I am a huge fan of templates. I think they help me think through common differentials and recommend doses for medications etc in addition to helping making notes faster. The biggest issue is you have to be very cognizant not to include information that isn't true for hte specific patient.

I use a program called Breevy which is very user friendly as my text expander but there are many out there. http://www.16software.com/breevy/ If you use this program make sure you change the settings so it "pop"s the words at once instead of "typing" it out - which is really annoying , particularly in cerner for some reason.

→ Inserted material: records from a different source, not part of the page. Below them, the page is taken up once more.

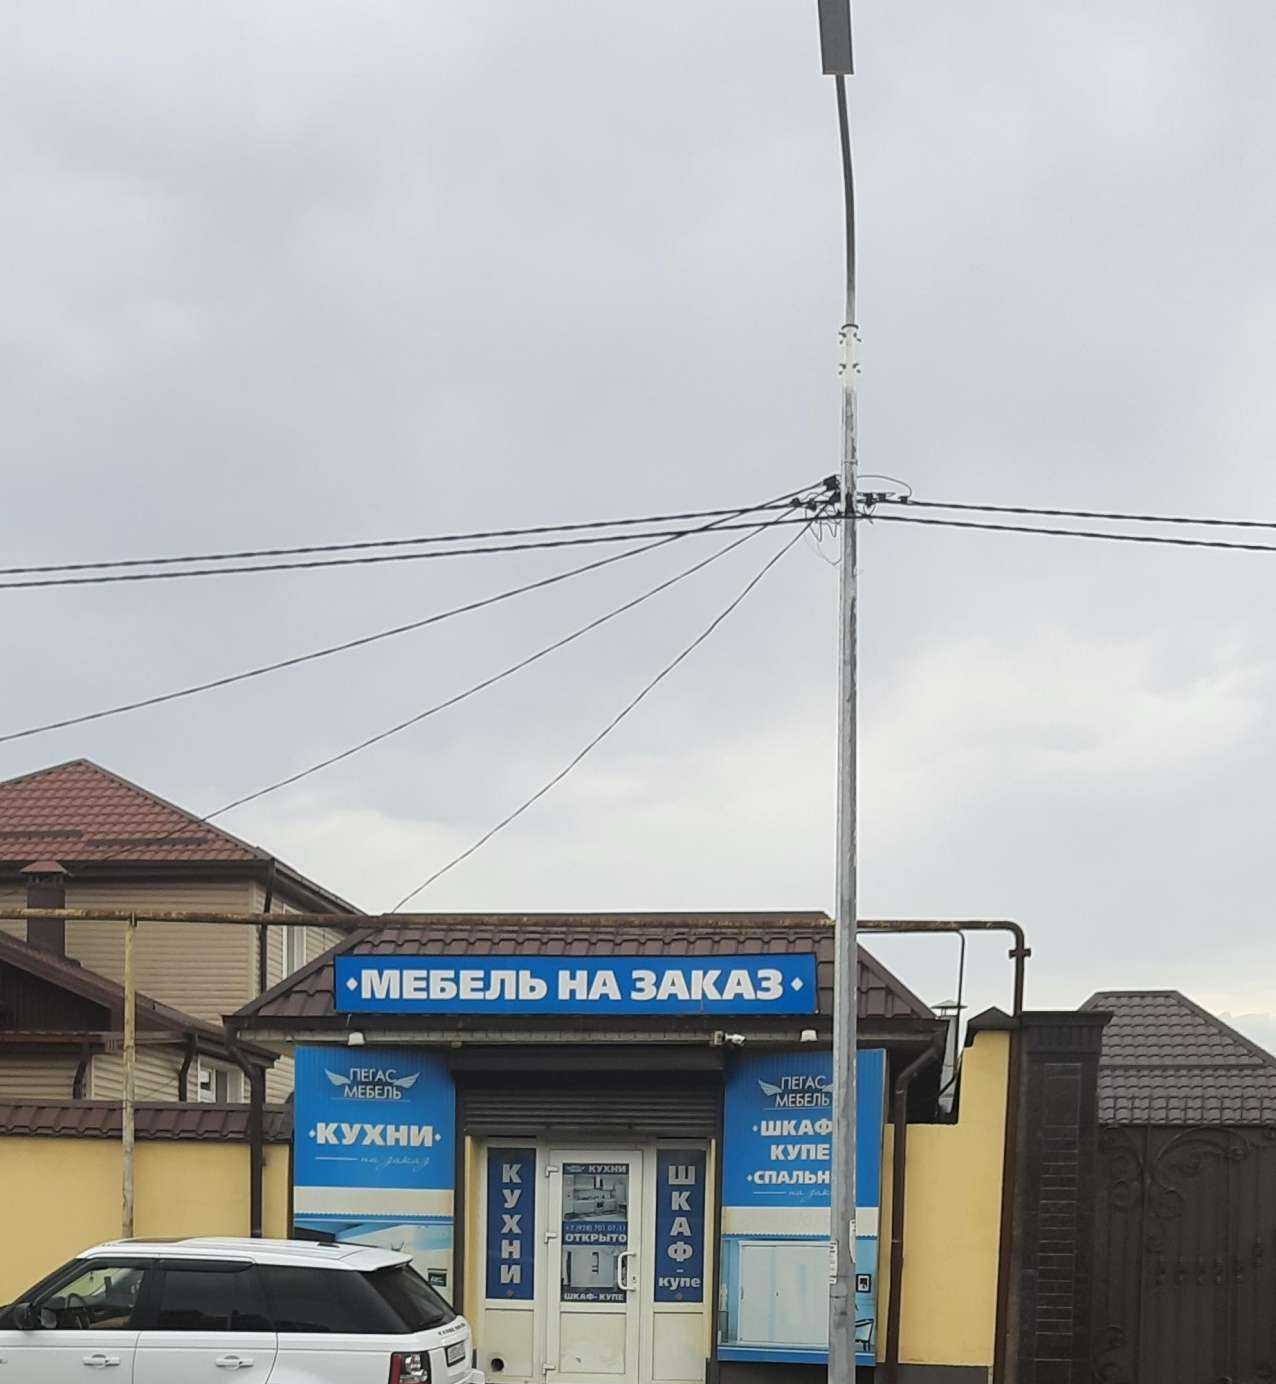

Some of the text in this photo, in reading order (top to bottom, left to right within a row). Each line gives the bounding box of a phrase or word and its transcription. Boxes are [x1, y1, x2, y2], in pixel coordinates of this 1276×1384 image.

[361, 969, 784, 1001] МЕБЕЛЬ НА ЗАКАЗ
[350, 1067, 397, 1083] ПЕГАС
[781, 1075, 827, 1090] ПЕГАС
[344, 1085, 402, 1100] МЕБЕЛЬ
[775, 1092, 830, 1107] МЕБЕЛЬ
[316, 1122, 433, 1147] КУХНИ
[760, 1118, 833, 1136] ШКАФ
[770, 1144, 830, 1161] КУПЕ
[588, 1165, 627, 1174] КУХНИ
[753, 1170, 832, 1185] СПАЛЬН
[501, 1163, 523, 1285] КУХНИ
[565, 1233, 627, 1243] ОТКРЫТО
[658, 1276, 701, 1290] купе

Also not a fan of scribes for the reasons others have said - personally think it's only helpful if you are a slow typist or you don't actually read the notes.
 
We use scribes for some shifts, but they've been very... hit or miss despite what I ask them to do. Saying things I didn't say, or not saying things I explicitly asked them to include. Or saying things I asked them to not say because they aren't true. No, the kid is not f*cking lethargic. Yes, I considered PE and didn't dimer or CT because of __. Maybe I just need to be more direct.

Aside from that, any other suggestions or tips that you guys found useful coming out to cut down on charting time and still having a worthwhile note?
Yours need better training. Sometimes they dont know cause in the pan positive ROS patient who freaking knows what to write. The doc does becasue we know which squirrel is gonna try to find which nut. They have no idea.